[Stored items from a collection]
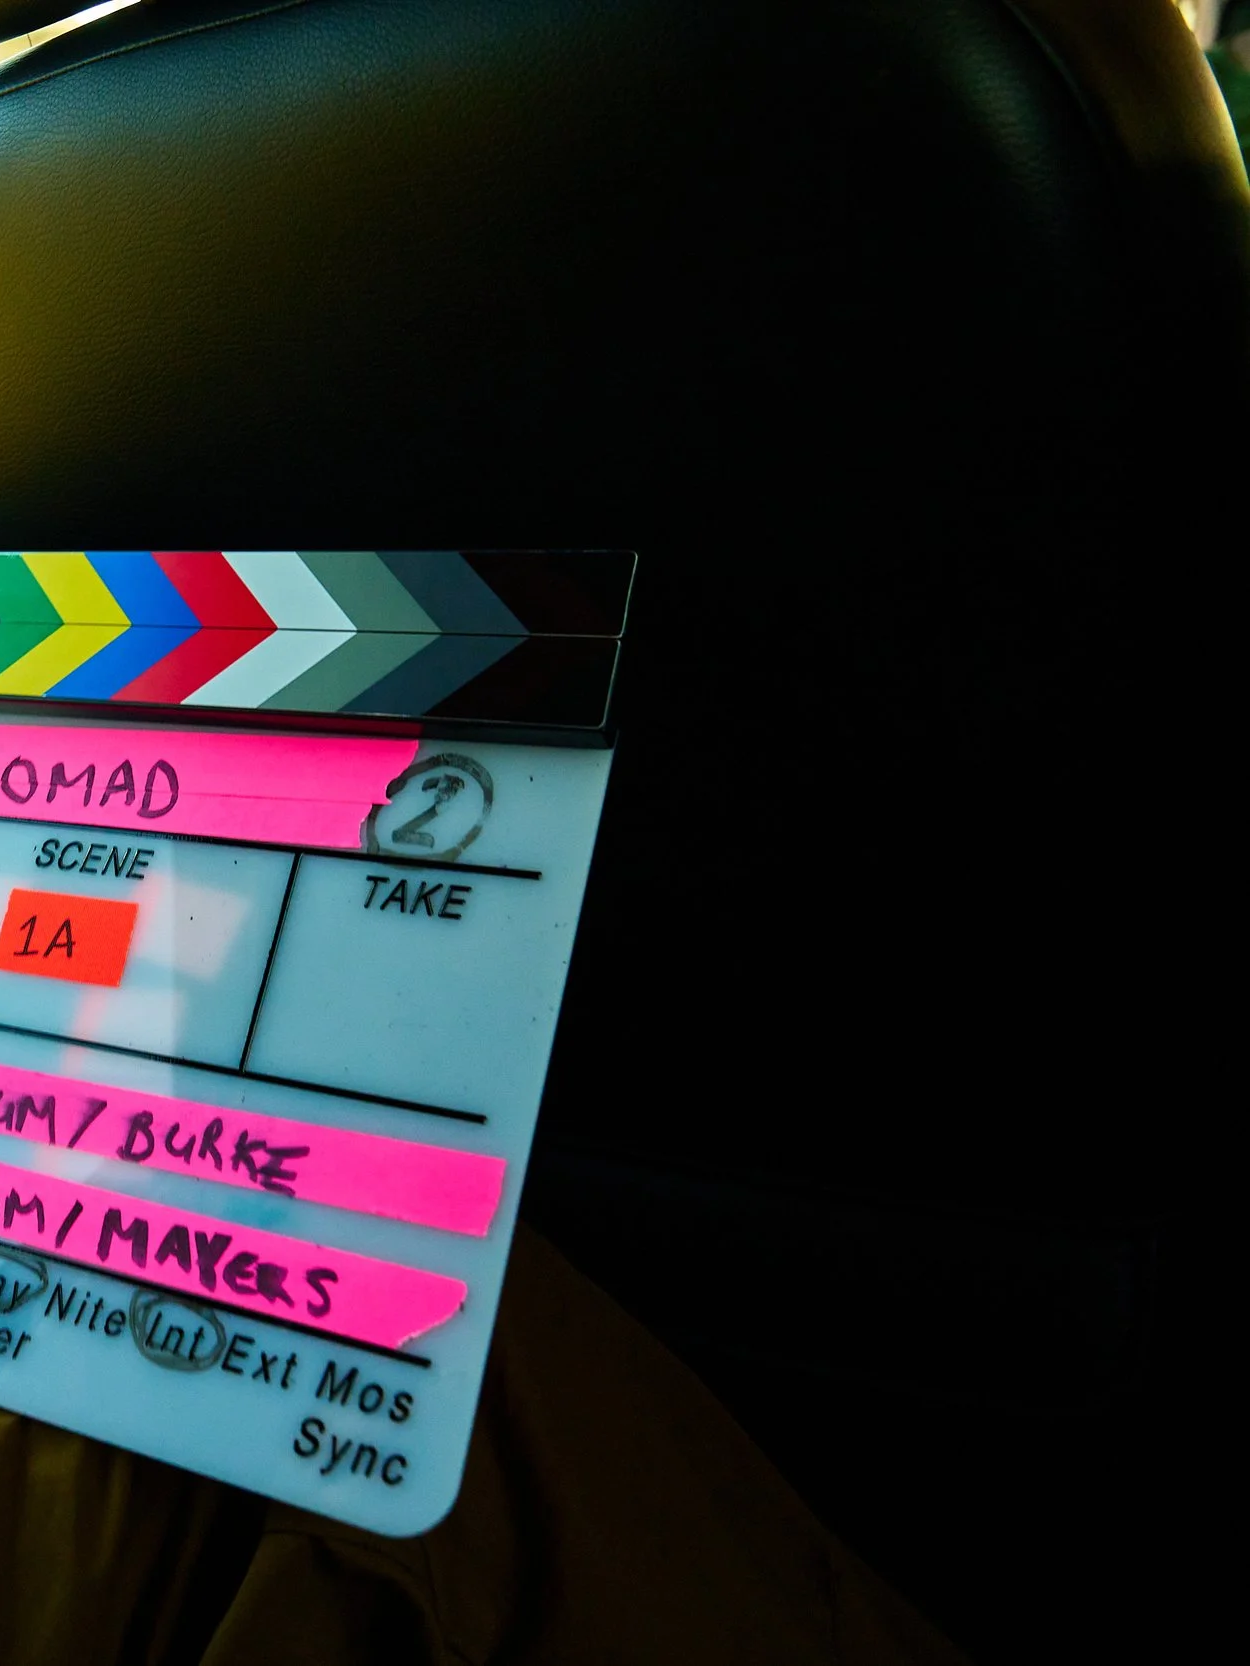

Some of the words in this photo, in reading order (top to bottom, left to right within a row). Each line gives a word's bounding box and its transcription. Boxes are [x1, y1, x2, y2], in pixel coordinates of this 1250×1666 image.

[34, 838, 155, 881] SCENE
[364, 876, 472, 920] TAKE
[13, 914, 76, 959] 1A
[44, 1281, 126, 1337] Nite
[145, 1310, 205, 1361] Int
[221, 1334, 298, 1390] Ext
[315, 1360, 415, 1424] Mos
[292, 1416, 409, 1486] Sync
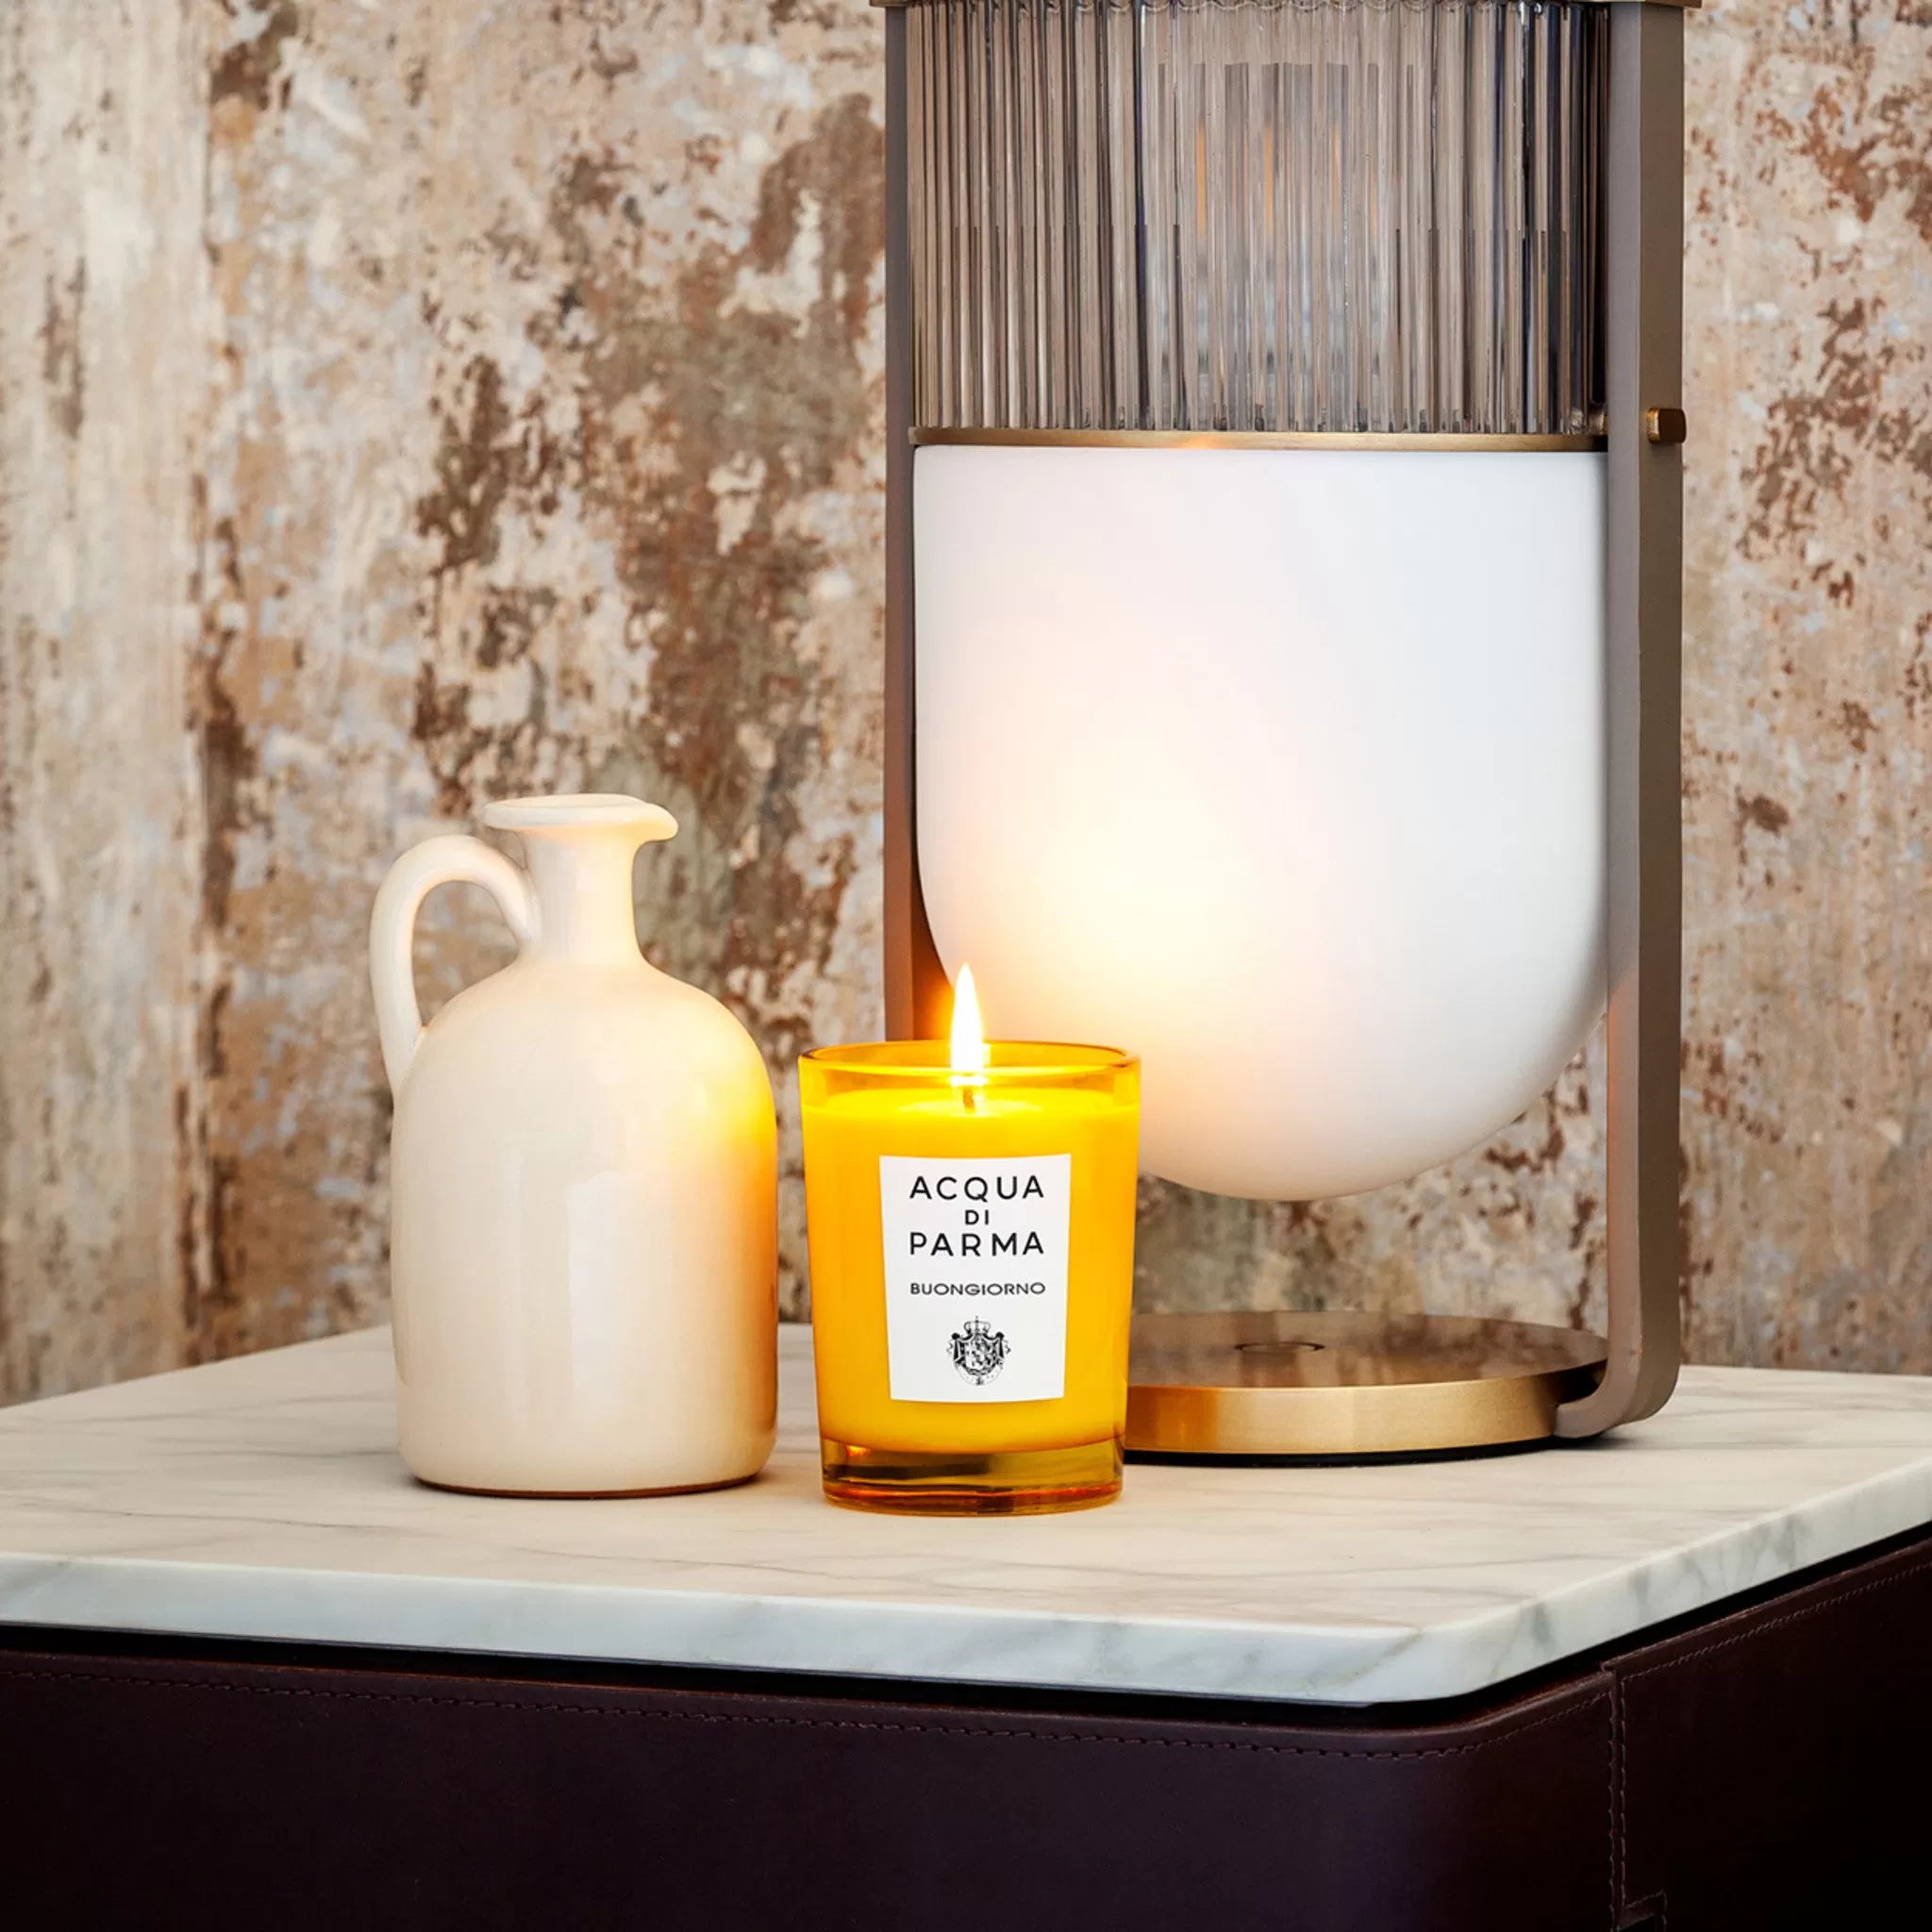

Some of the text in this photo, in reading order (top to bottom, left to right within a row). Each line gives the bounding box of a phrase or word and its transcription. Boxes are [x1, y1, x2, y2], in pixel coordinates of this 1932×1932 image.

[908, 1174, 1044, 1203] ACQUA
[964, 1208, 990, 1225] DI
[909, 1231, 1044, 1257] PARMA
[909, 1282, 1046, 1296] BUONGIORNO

BRIEF => Write each entry again exactly, minus any images.

YOUR SOLUTION =>
Some of the words in this photo, in reading order (top to bottom, left to right within a row). Each line gives a word's bounding box and its transcription. Boxes are [x1, y1, x2, y2], in pixel coordinates of this 1250×1666 image.

[34, 838, 155, 881] SCENE
[364, 876, 472, 920] TAKE
[13, 914, 76, 959] 1A
[44, 1281, 126, 1337] Nite
[145, 1310, 205, 1361] Int
[221, 1334, 298, 1390] Ext
[315, 1360, 415, 1424] Mos
[292, 1416, 409, 1486] Sync

Some of the text in this photo, in reading order (top to bottom, left to right within a row). Each line gives the bounding box of a phrase or word and its transcription. Boxes are [x1, y1, x2, y2], in pixel coordinates of this 1932×1932 image.

[908, 1174, 1044, 1203] ACQUA
[964, 1208, 990, 1225] DI
[909, 1231, 1044, 1257] PARMA
[909, 1282, 1046, 1296] BUONGIORNO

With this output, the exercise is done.